Extension of fission reaction model FIFRELIN for wider reaction conditions and post processing

Ogawa, Tatsuhiko   ; Litaize, O.*; Mancusi, D.*; Chebboubi, A.*; Serot, O.*

The Monte-Carlo code FIFRELIN was originally developed for the simulation of first chance fissions of fissile nuclei. In case of neutron-induced fissions, the compound nucleus always fissioned from an exited state whose excitation energy is sum of the incoming neutron energy and the neutron binding energy. While in the new version, with the multi-chance fission algorithm, the fissioning nuclei can start from higher exited states considering the competition of fission reactions, neutron emission, and gamma emission. When fission is selected in the competition, the partitioning of mass, charge, excitation energy, and angular momentum to the two fission fragments is determined either by the FIFRELIN native algorithm or by GEF. In fission reactions induced by energetic neutrons, pre-fission particle emission reduces the excitation energy of the compound nucleus before fission, leading to a noticeable difference of the final observables such as neutron multiplicity and fission product mass distribution.
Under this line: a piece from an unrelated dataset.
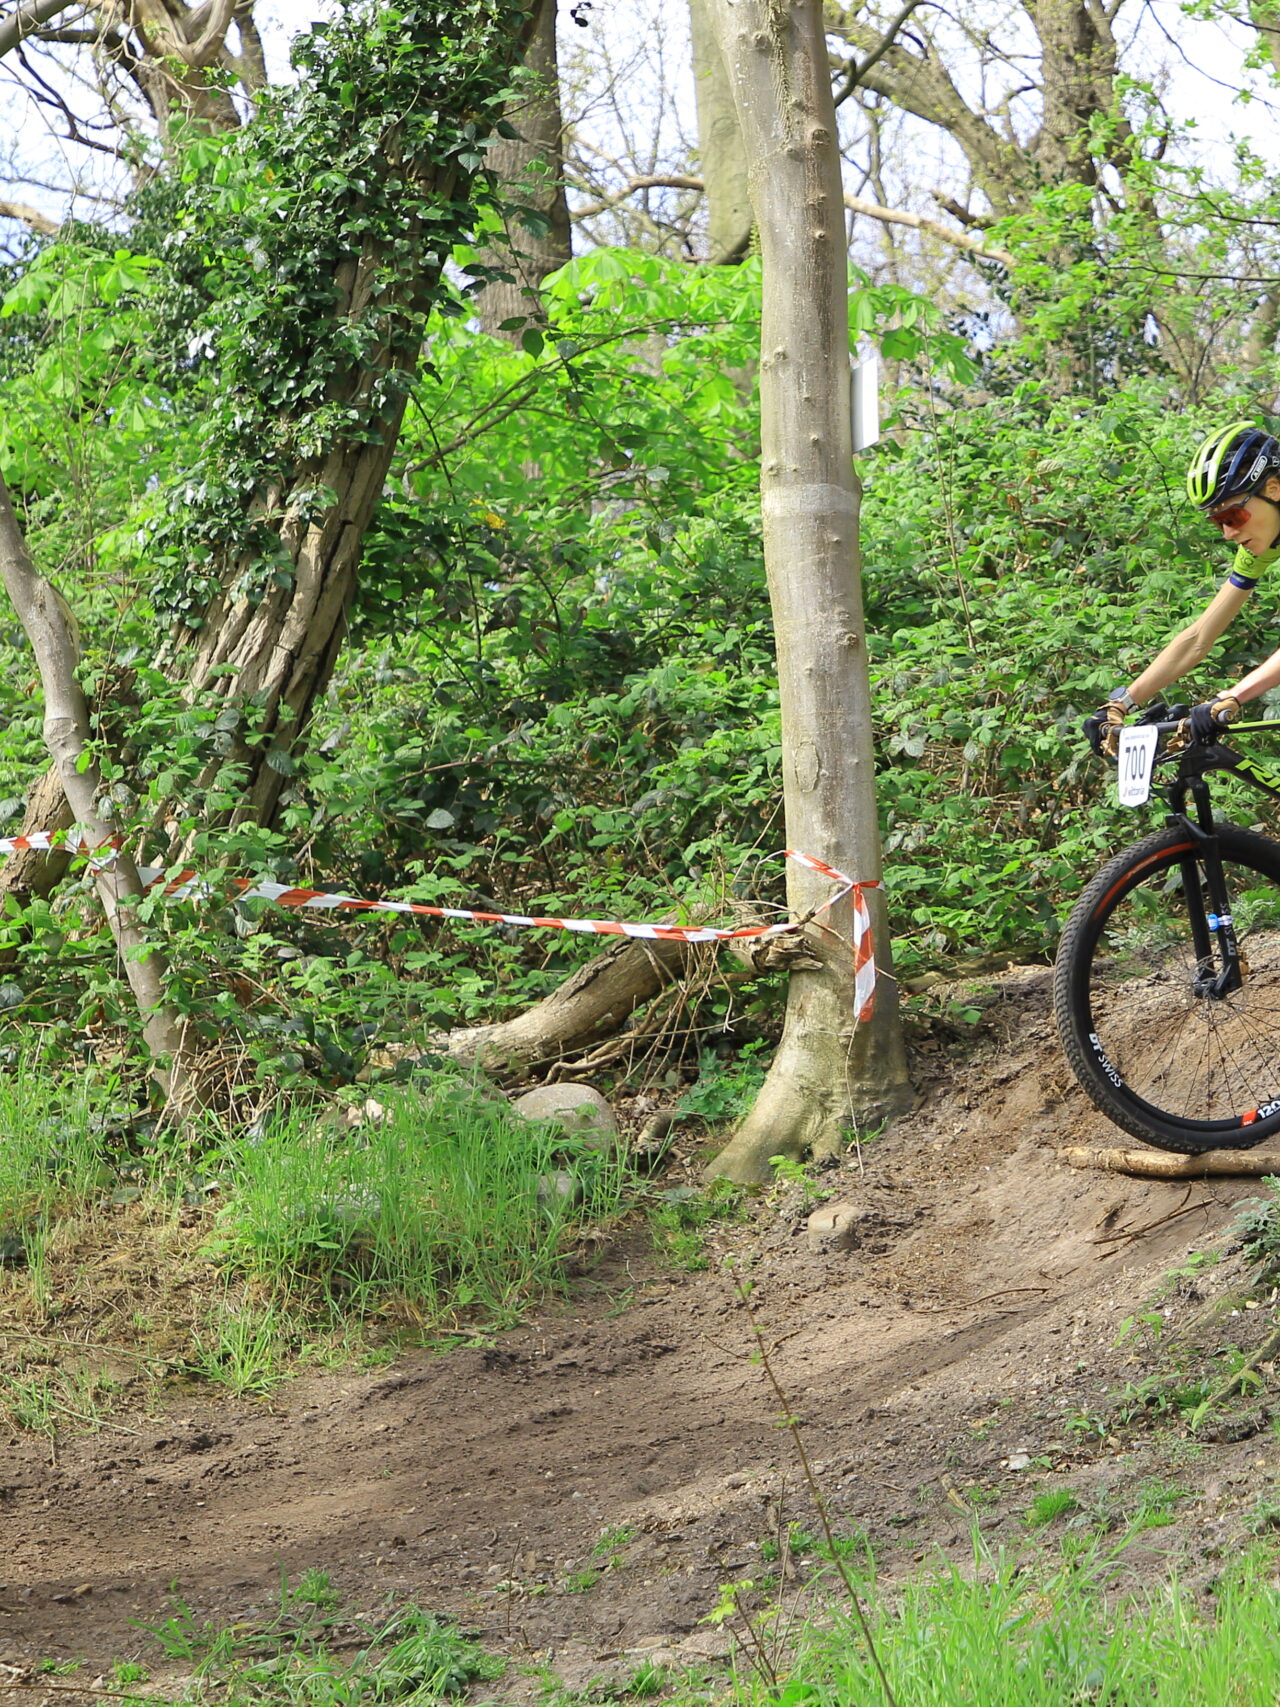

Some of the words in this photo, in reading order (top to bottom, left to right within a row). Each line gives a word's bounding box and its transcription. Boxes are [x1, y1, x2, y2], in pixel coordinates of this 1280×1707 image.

The other updated feature is the interface to codes handling the post-reaction processes. The energy spectra of neutrons, electrons and photons from fission reactions are output in a format compatible with PHITS, a general-purpose particle transport code. By using this functionality, one can simulate the transport and reactions of particles based on the cross section data and reaction models of PHITS, and the spectra calculated by FIFRELIN. Finally, the other interface developed in this study is nuclide yield output in a format compatible with DCHAIN-SP2014, a burn-up calculation code. This interface is necessary to consider the build-up, which depends on the time structure of the incoming neutron beam as well as the decay during the cooling period.